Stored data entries
○ ○ ○

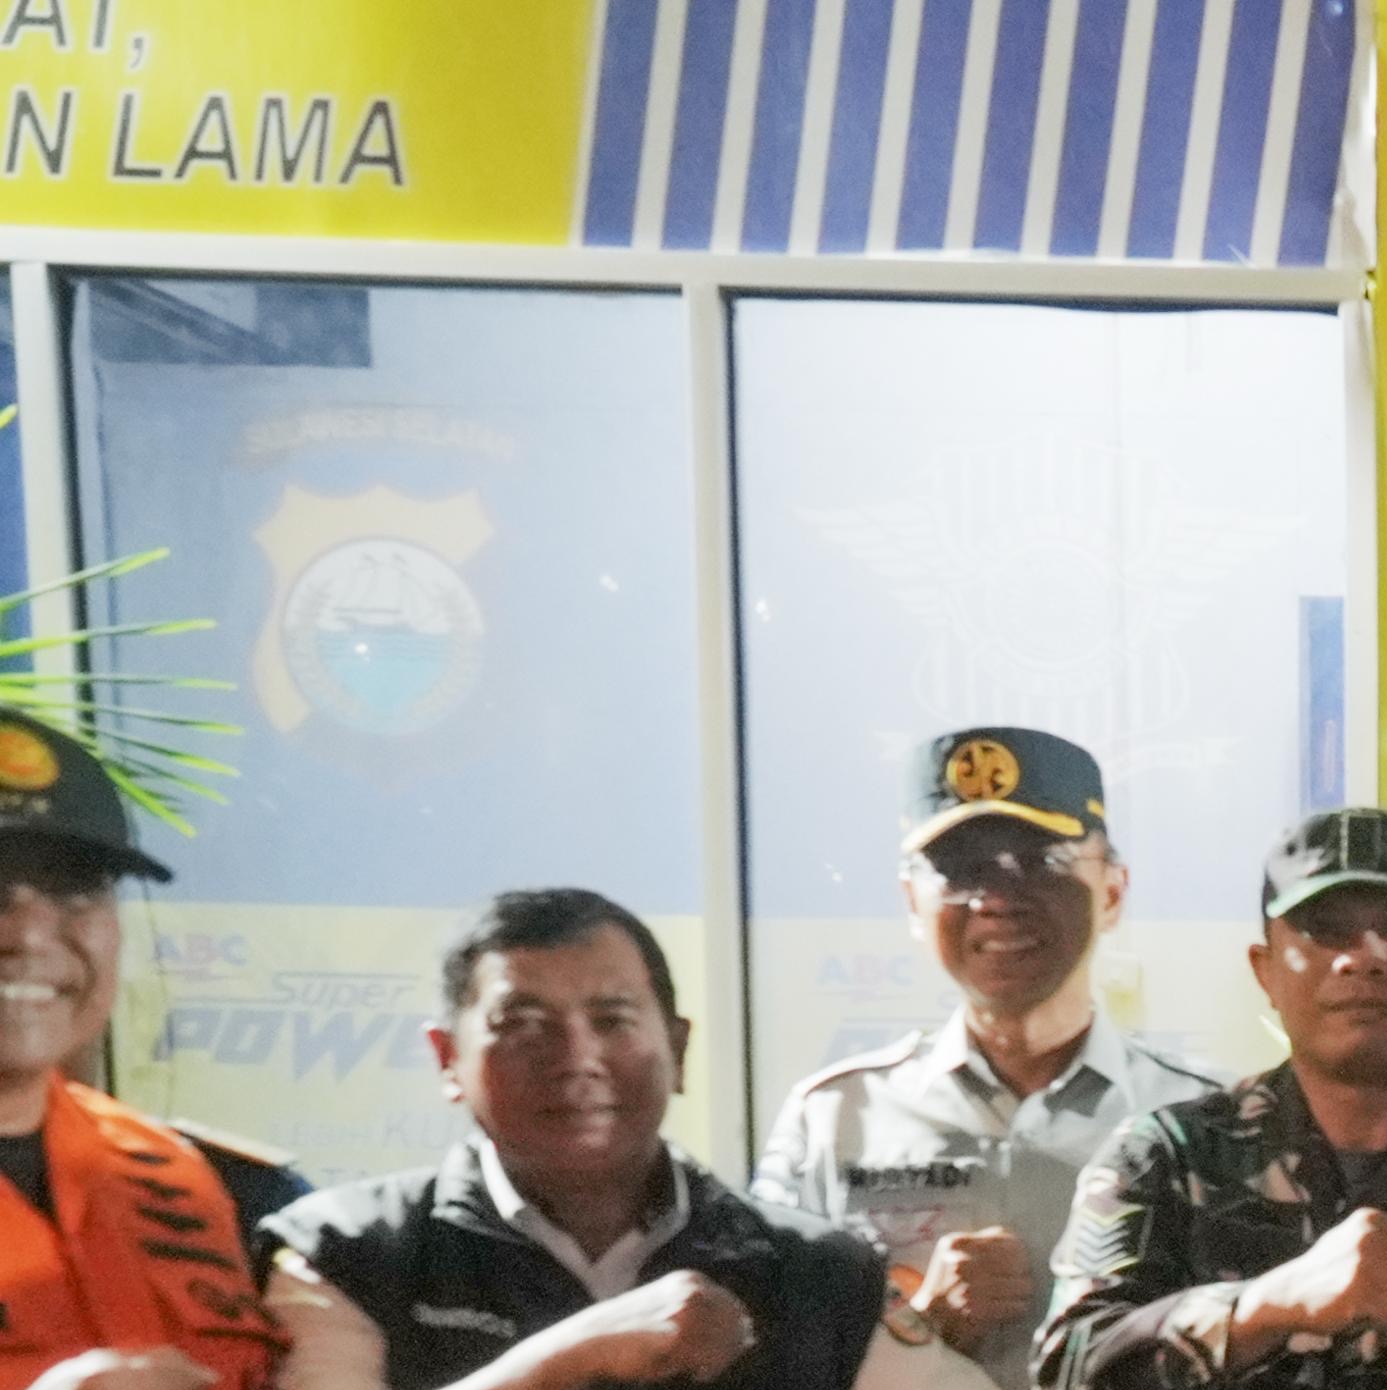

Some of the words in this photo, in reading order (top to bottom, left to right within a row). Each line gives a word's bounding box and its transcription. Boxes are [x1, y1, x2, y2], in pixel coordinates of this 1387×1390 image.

[6, 91, 72, 174] N
[113, 94, 404, 186] LAMA
[272, 971, 421, 1012] Super
[151, 1009, 440, 1085] POWE

○ ○ ○

Directions for this task
Retype the data word for word, please, and keep the images out.

Your response
Some of the words in this photo, in reading order (top to bottom, left to right within a row). Each line gives a word's bounding box and its transcription. Boxes are [x1, y1, x2, y2], in pixel coordinates of this 1387×1390 image.

[6, 91, 72, 174] N
[113, 94, 404, 186] LAMA
[272, 971, 421, 1012] Super
[151, 1009, 440, 1085] POWE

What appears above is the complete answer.